## YOUR ASSIGNMENT
Copy the entries below word for word, but omit any pictures they contain.

## SUPPLIED MATERIAL
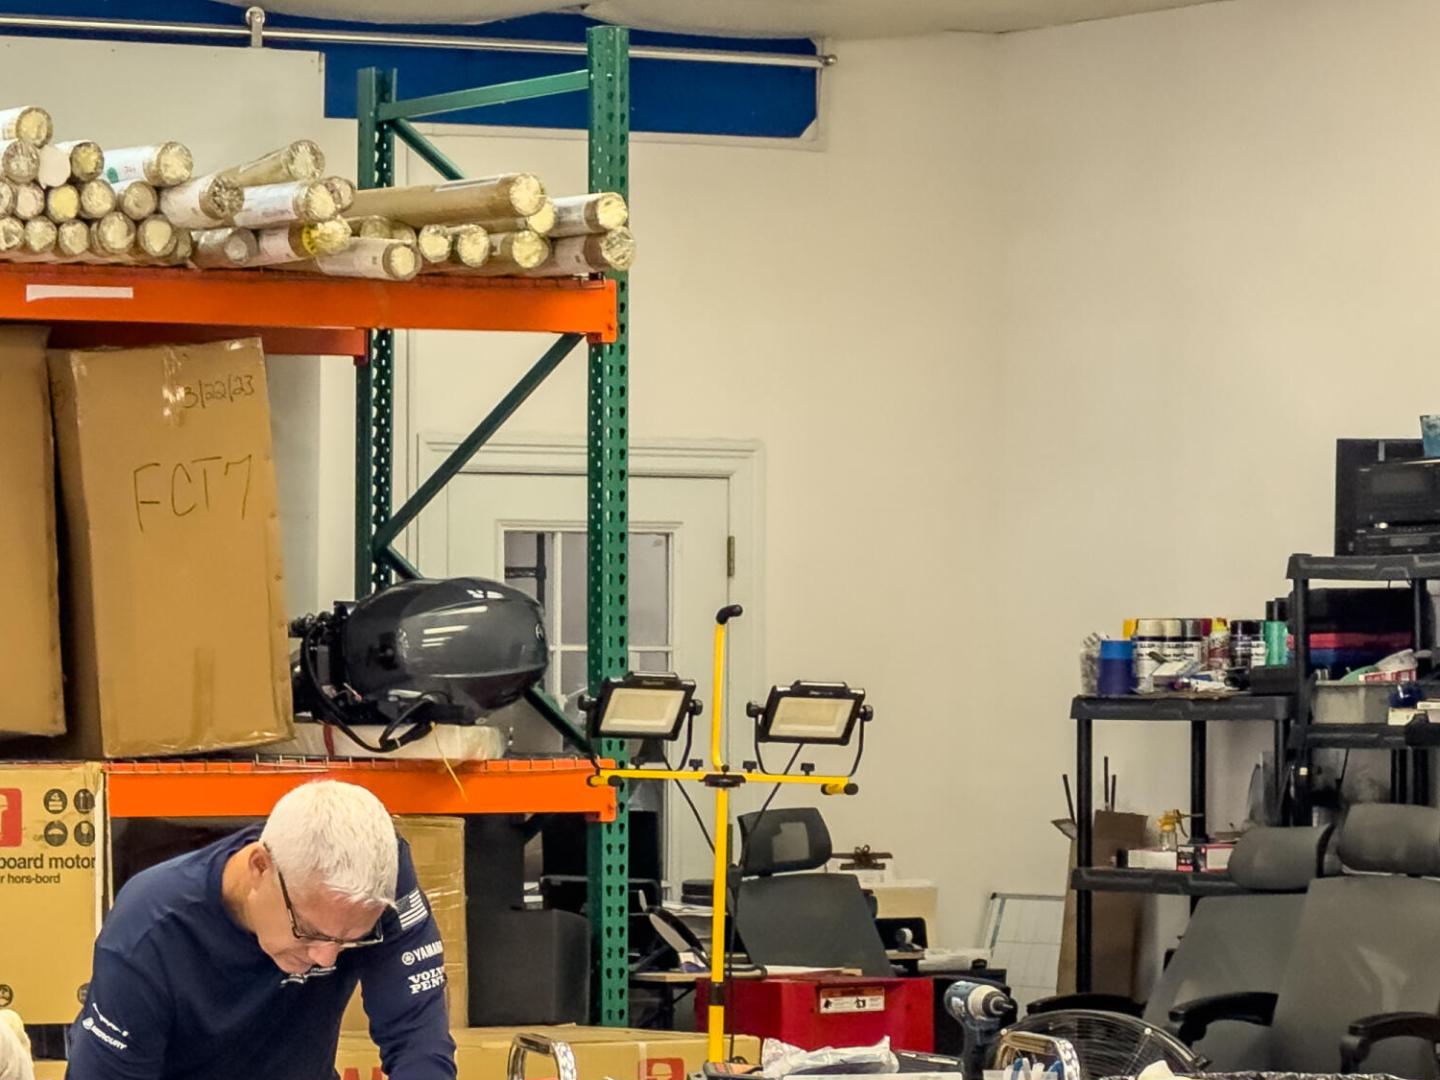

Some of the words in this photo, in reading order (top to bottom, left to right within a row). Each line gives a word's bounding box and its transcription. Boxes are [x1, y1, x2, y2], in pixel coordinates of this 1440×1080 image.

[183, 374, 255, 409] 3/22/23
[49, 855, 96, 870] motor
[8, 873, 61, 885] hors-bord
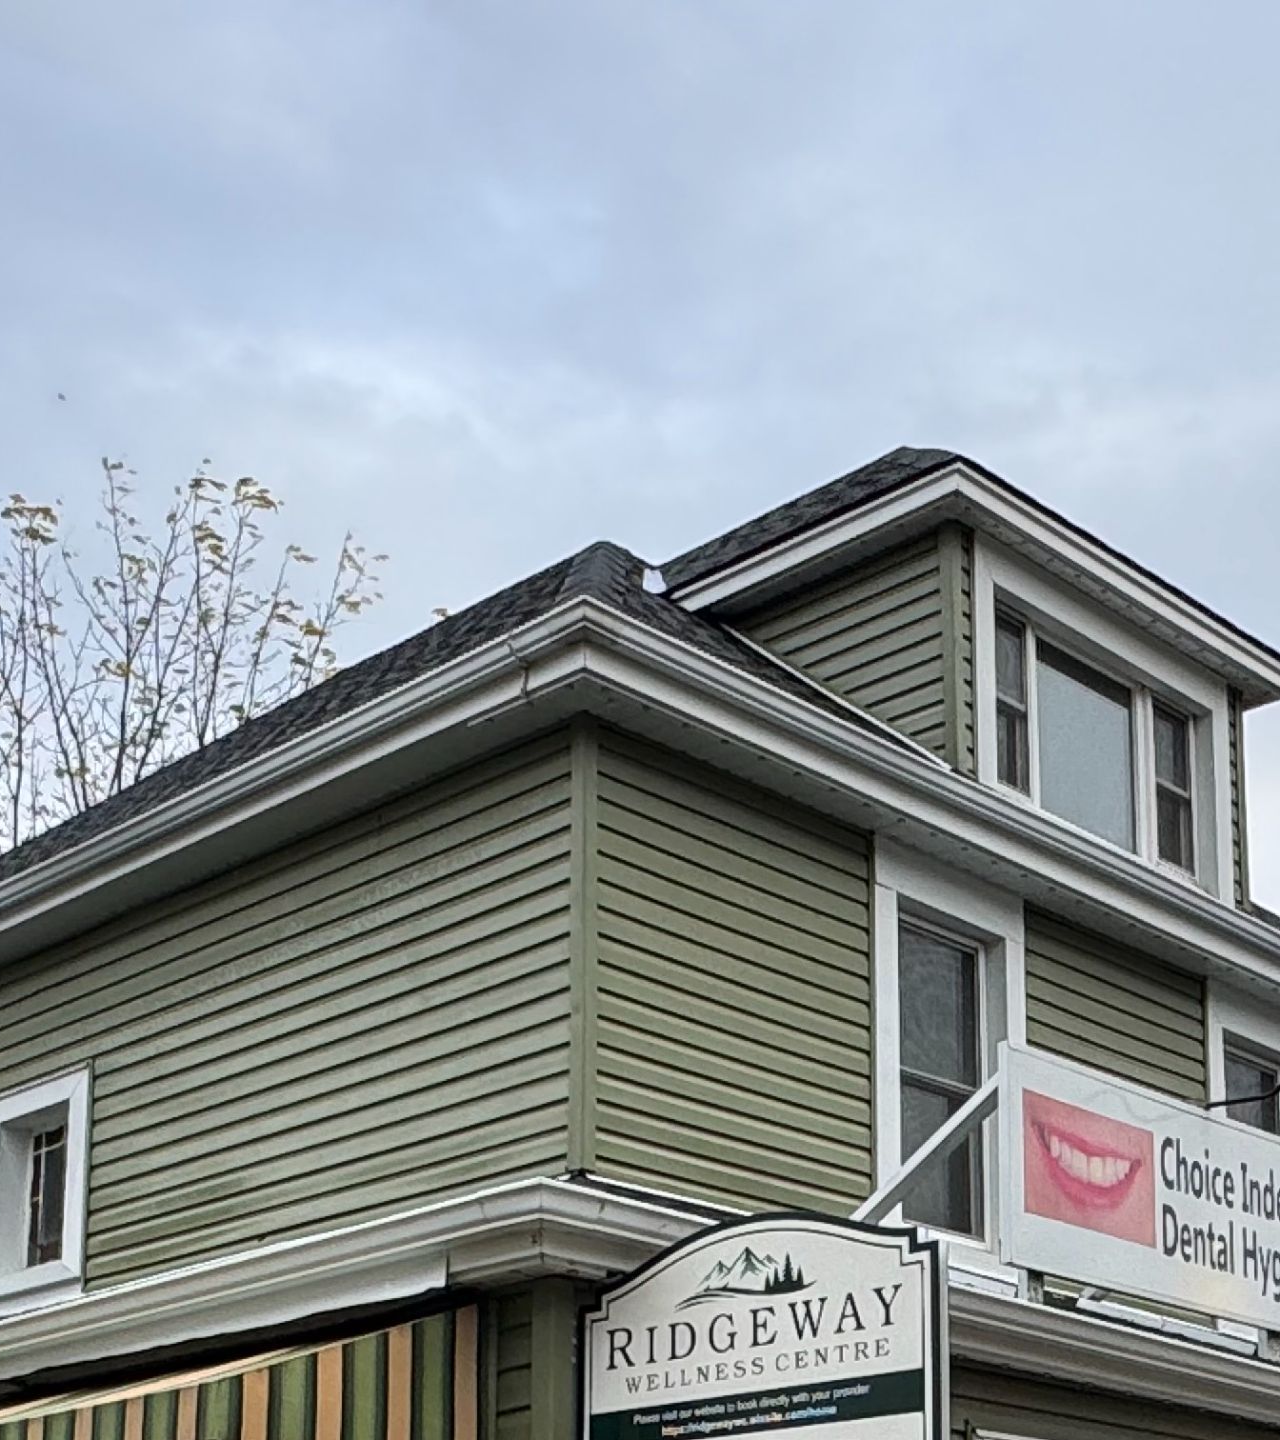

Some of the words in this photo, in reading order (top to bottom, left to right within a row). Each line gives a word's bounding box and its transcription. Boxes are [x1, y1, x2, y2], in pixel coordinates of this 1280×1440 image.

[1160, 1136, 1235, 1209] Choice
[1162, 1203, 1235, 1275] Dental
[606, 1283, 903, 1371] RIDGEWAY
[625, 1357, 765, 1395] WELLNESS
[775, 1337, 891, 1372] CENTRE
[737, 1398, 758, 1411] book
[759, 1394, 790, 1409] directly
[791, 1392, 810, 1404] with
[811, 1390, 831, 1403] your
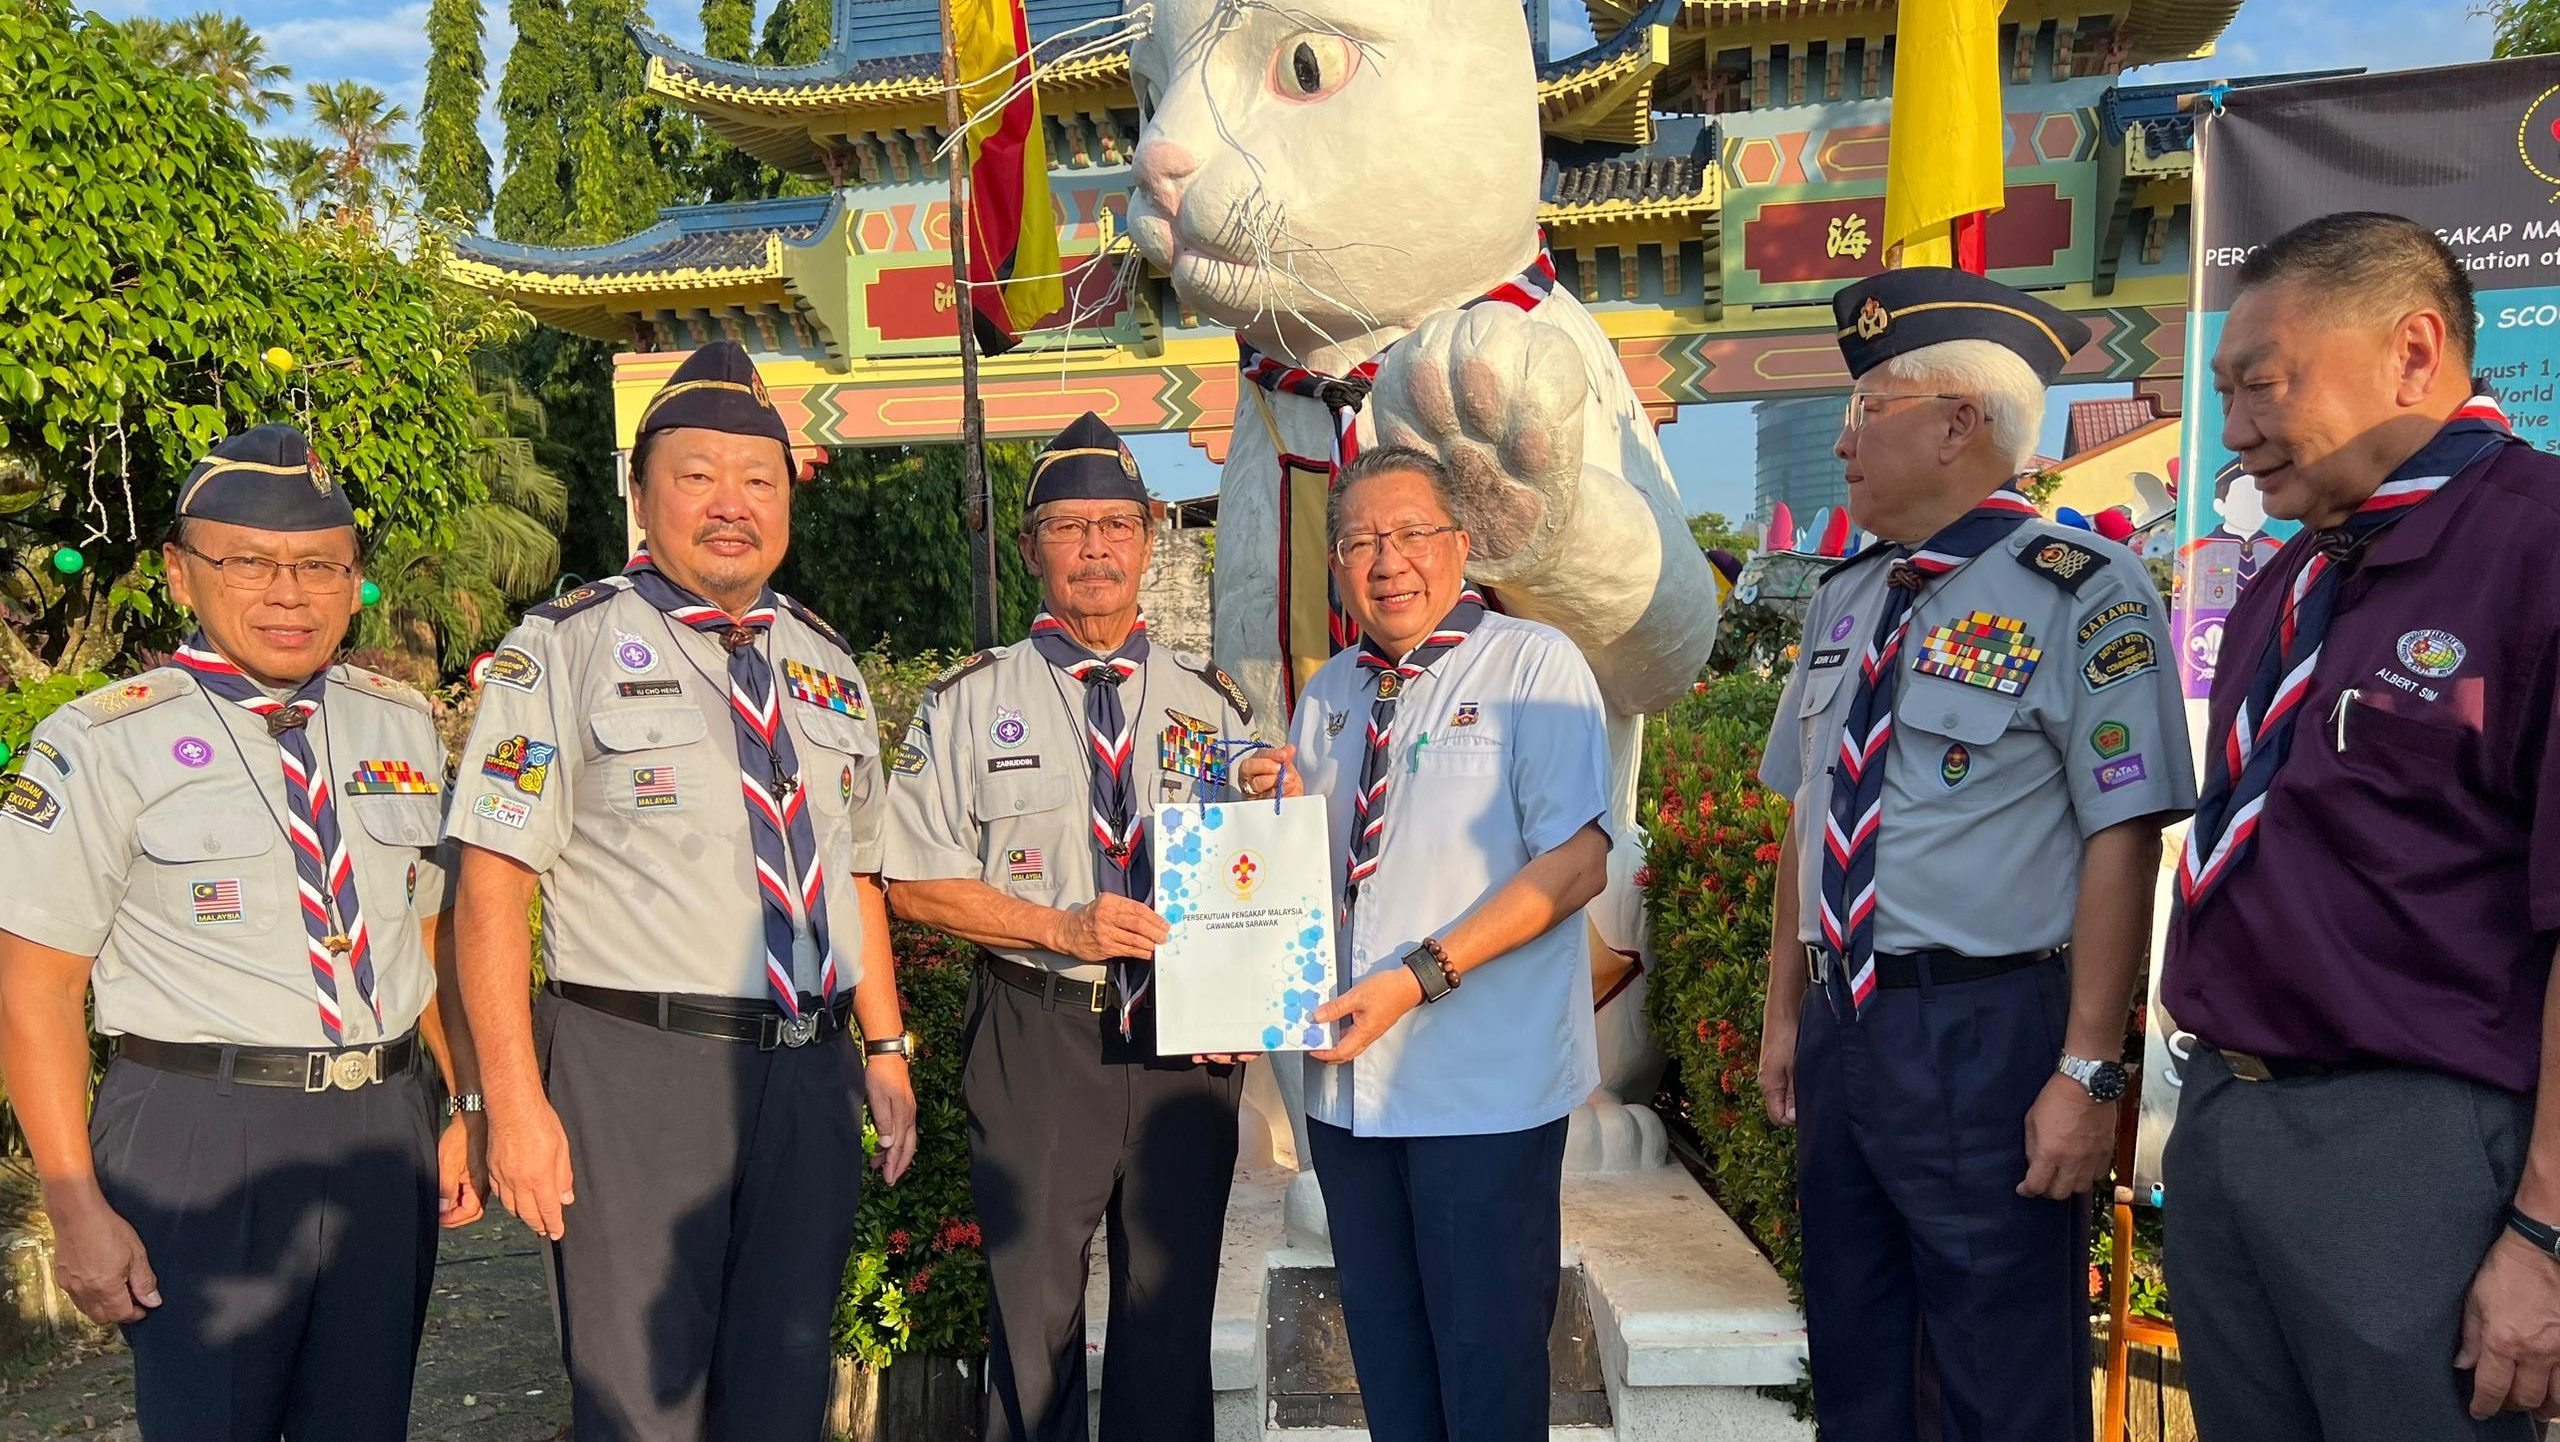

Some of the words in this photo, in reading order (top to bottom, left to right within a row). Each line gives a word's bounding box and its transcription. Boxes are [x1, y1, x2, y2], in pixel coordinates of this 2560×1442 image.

## RESPONSE TO THIS TASK
Some of the words in this photo, in reading order (top to bottom, left to right within a row). Each line gives a word's bounding box and its transcription. Boxes are [x1, y1, x2, y2], in pixel coordinates of this 1440×1080 image.

[183, 374, 255, 409] 3/22/23
[49, 855, 96, 870] motor
[8, 873, 61, 885] hors-bord

Some of the words in this photo, in reading order (top to bottom, left to right within a row). Each line gives a word's bounding box and its transcription. Boxes are [x1, y1, x2, y2], in pixel coordinates of this 1280×1440 image.

[1160, 1136, 1235, 1209] Choice
[1162, 1203, 1235, 1275] Dental
[606, 1283, 903, 1371] RIDGEWAY
[625, 1357, 765, 1395] WELLNESS
[775, 1337, 891, 1372] CENTRE
[737, 1398, 758, 1411] book
[759, 1394, 790, 1409] directly
[791, 1392, 810, 1404] with
[811, 1390, 831, 1403] your

Some of the words in this photo, in reading order (top to bottom, left to right within a row). Each line gives a word's bounding box and its transcription. Boxes are [x1, y1, x2, y2], in pixel coordinates of this 2560×1442 image.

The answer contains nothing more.